Occasionally, apparently unrelated episodes will align to reveal an important truth. So it is with three events reported in the last few weeks. The first happened sometime Wednesday, when another prisoner killed himself at Guantanamo Bay — the fourth suicide since the base opened. As is its wont, the military was tight-lipped, refusing to describe how the prisoner, who was Saudi Arabian, finally escaped from Cuba.
But we know how these things have happened in the past. Last year, three prisoners at the base hanged themselves with strips of knotted cloth ripped from clothing and bed sheets. Each had a ball of cloth stuffed in his mouth, apparently to muffle any reflexive choking sounds as he died.
They left suicide notes that have never been made public. One of the three prisoners, Yassar Talal al Zahrani, from Saudi Arabia, was 21 at the time of his death but 17 when he arrived at the base. Another, Mani Shaman Turki al Habardi al Utaybi, also from Saudi Arabia, had been designated for release. The Pentagon has refused to say whether he knew of his pending transfer when he killed himself.
After the first raft of suicides, the Pentagon vowed there would be no more and instituted a crackdown, which summons to mind the sardonic warning "the floggings will continue until morale improves." Security was tightened dramatically. Today, most prisoners — even those cleared for release — are held in a new, super-maximum security prison. They pass endless hours locked in concrete cages, removed from the sight, sound and touch of other human beings.
The administration has concluded that about half of the prisoners at Guantanamo pose no threat to the U.S. or its allies. Most of the rest are held based on admissions they made in countless interrogations over five years. And that brings us to the second recent event. On Tuesday, the New York Times reported on a major study by the Intelligence Science Board, a group of experts commissioned to advise the U.S. intelligence community on interrogation practices.
For people who have been following these issues, the findings were predictable: The aggressive interrogation techniques adopted by the administration after 9/11 are "outmoded, amateurish and unreliable," as the Times put it. They are a relic of a properly discarded past, abandoned not out of any moral compunction but because of "a more practical critique": There's no evidence they work. Dr. Randy Borum, a Defense Department consultant, noted: "There's an assumption that often passes for common sense that the more pain imposed on someone, the more likely they are to comply." But there is precious little evidence to back it up.
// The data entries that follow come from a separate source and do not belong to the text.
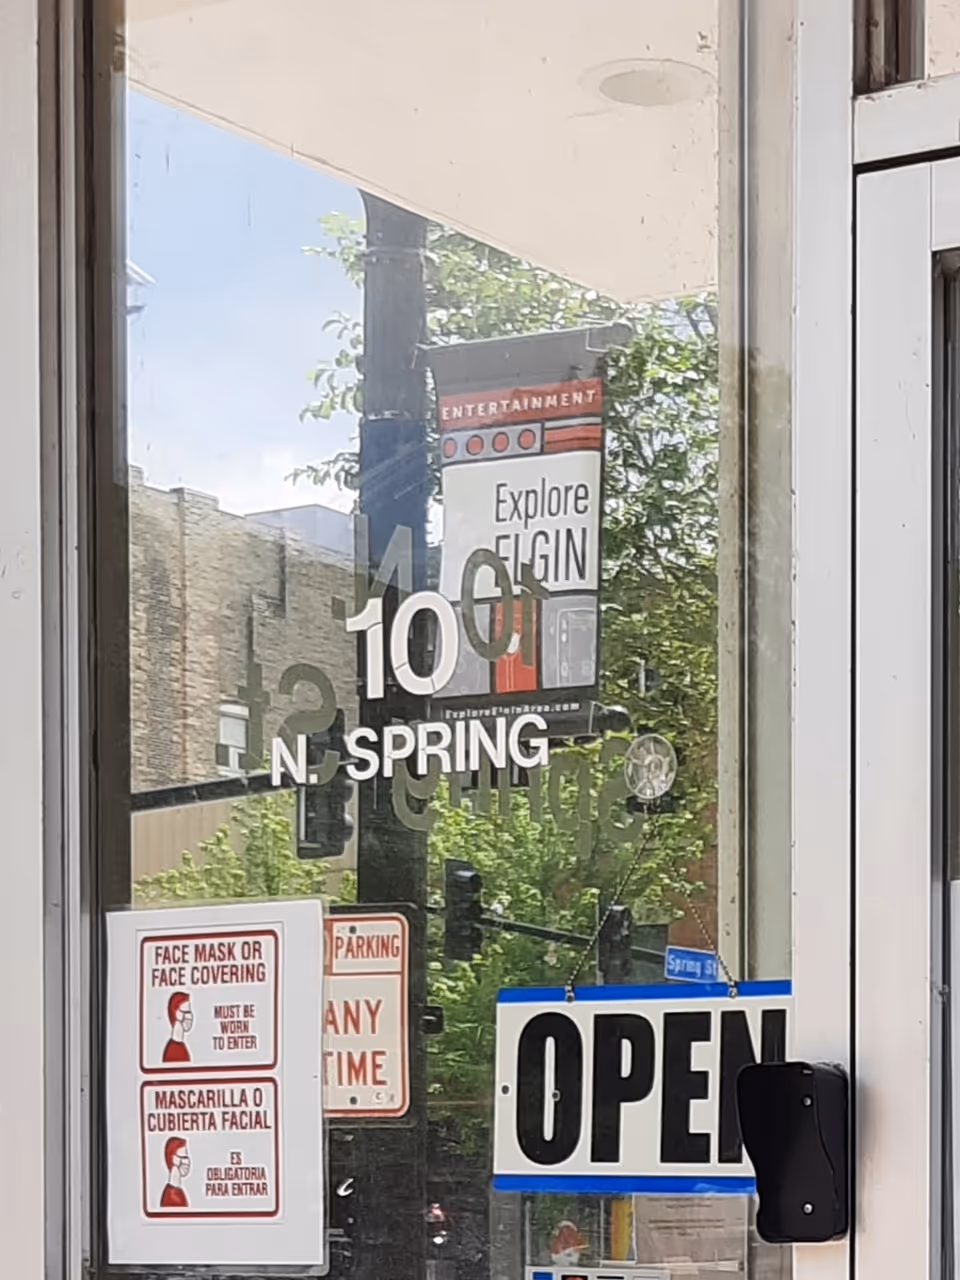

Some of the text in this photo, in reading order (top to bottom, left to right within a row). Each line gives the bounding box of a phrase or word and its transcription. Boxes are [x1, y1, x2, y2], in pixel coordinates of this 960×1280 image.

[441, 389, 597, 421] ENTERTAINMENT
[495, 477, 589, 530] Explore
[494, 527, 587, 586] ELGIN
[344, 590, 460, 700] 10
[271, 712, 550, 786] N. SPRING
[155, 941, 262, 964] FACE MASK OR
[335, 935, 400, 959] PARKING
[152, 963, 266, 987] FACE COVERING
[668, 954, 718, 979] Spring St
[214, 1005, 255, 1020] MUST BE
[323, 1000, 383, 1036] ANY
[220, 1021, 249, 1034] WORN
[213, 1036, 257, 1050] TO ENTER
[323, 1051, 388, 1087] TIME
[155, 1088, 263, 1109] MASCARILLA O
[516, 1008, 788, 1166] OPEN
[148, 1111, 272, 1132] CUBIERTA FACIAL
[230, 1152, 242, 1165] ES
[207, 1167, 266, 1181] OBLIGATORIA
[205, 1183, 268, 1197] PARA ENTRAR
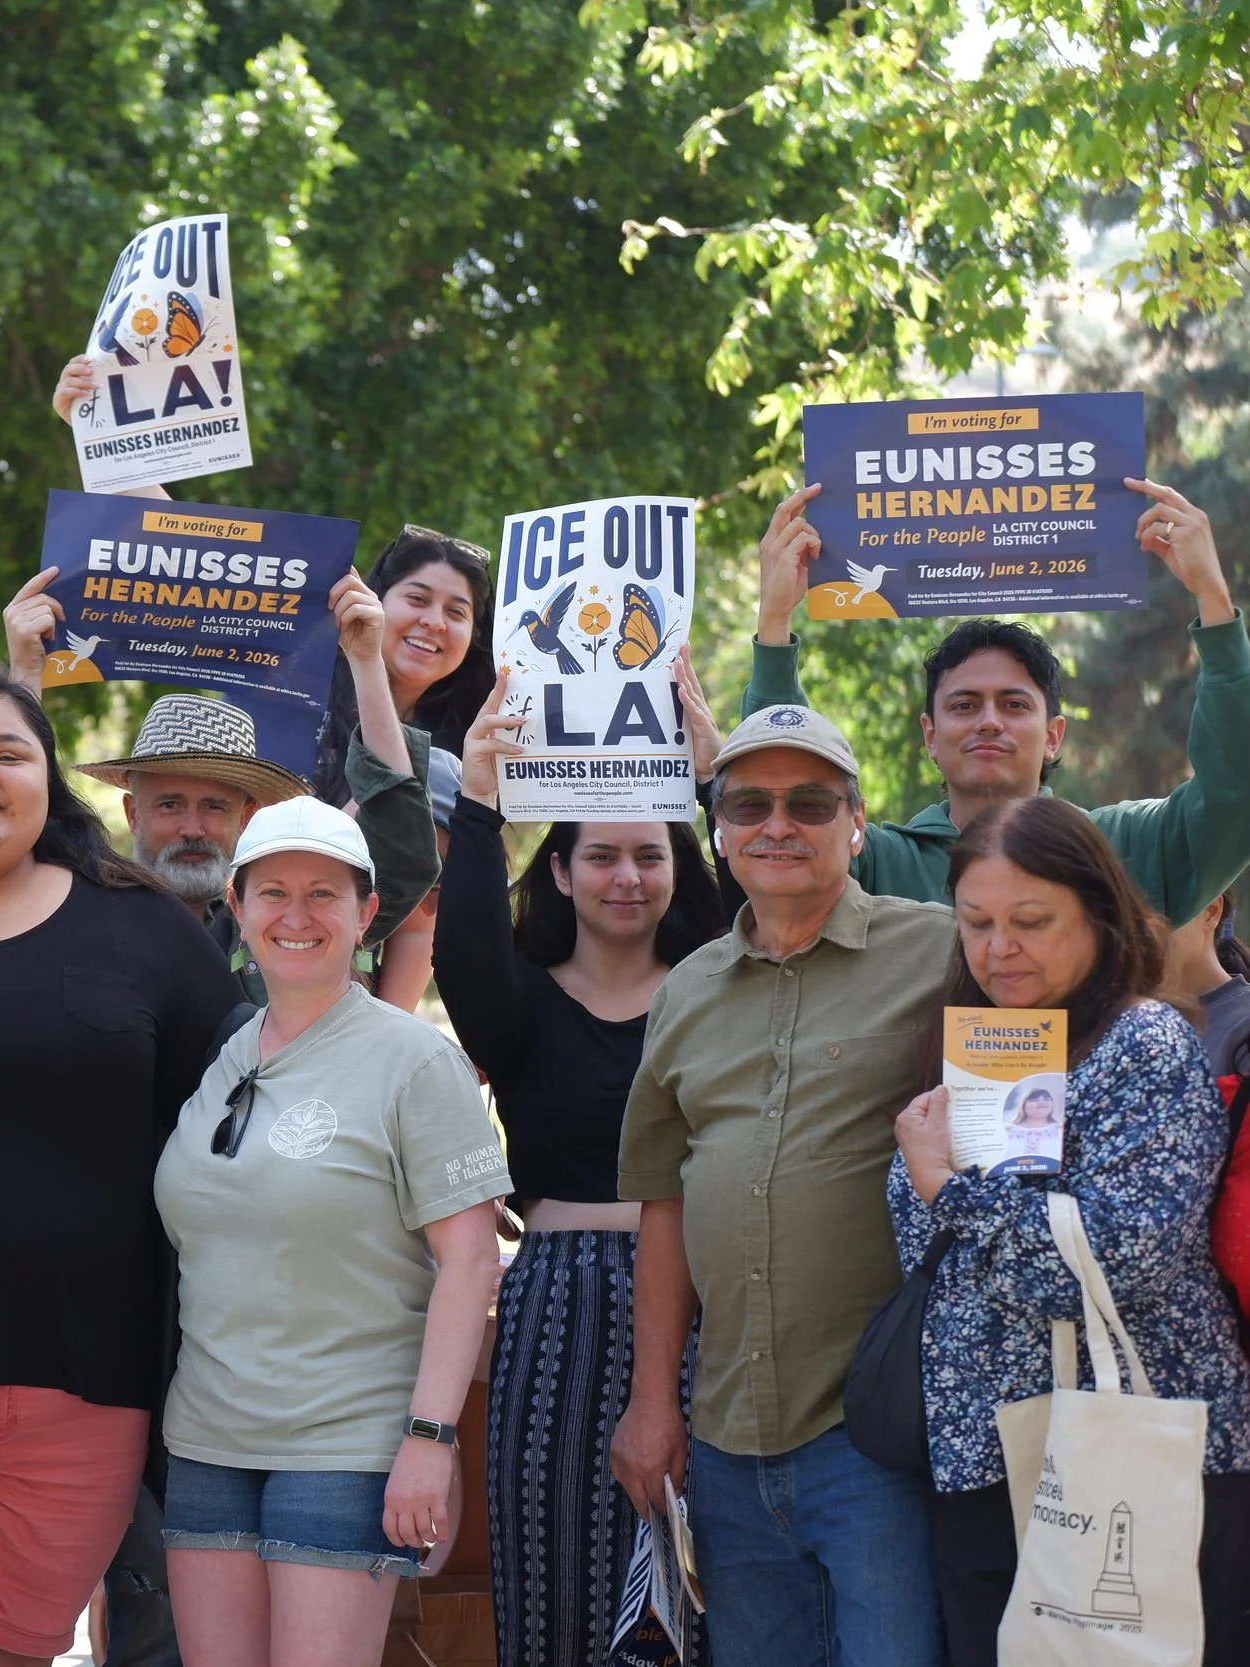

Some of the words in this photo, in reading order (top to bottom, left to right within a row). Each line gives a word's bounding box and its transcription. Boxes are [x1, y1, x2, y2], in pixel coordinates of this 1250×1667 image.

Of course, most people simply do not care about these matters. They are as distant as Darfur, as remote as ancient history.
But in fact they may not be as far removed as they seem, which brings us to the third event. On May 15, Sir Richard Dearlove, the former head of MI6, the British intelligence agency, gave an important speech in London. Dearlove ran the agency in 1999-2004 and was an early supporter of the administration's response to 9/11.
But more recently, Dearlove has concluded that it is time for "a strategic rethink." Our methods have become counterproductive. Al Qaeda and its viral offspring are thriving, and the position of Britain and the U.S. has become "strategically weak." The problem, according to Dearlove, is that our methods create more terror than they prevent, and it has become "easy for Al Qaeda to recruit its foot soldiers."
Dearlove understands what the president does not. Our policies have given terrorists precious tools to use against us. We have made potential recruits out of countless Arabs and Muslims. As our policies persist, their anger grows, intensifying into a defiant, and increasingly understandable, rage.
This explains why Secretary of State Condoleezza Rice and Secretary of Defense Robert M. Gates have called for the most enduring symbol of these policies — the prison at Guantanamo Bay — to be shuttered. They too understand what the president does not: The prison breeds terror. It stands as a fetid and cancerous symbol of hubris and hegemony, a threat not just to the U.S. but to our closest allies around the world.
From three stories, a single truth — it is past time for Guantanamo to close.
Joseph Margulies is a law professor at Northwestern University School of Law, the author of "Guantanamo and the Abuse of Presidential Power" and served as lead counsel in Rasul vs. Bush.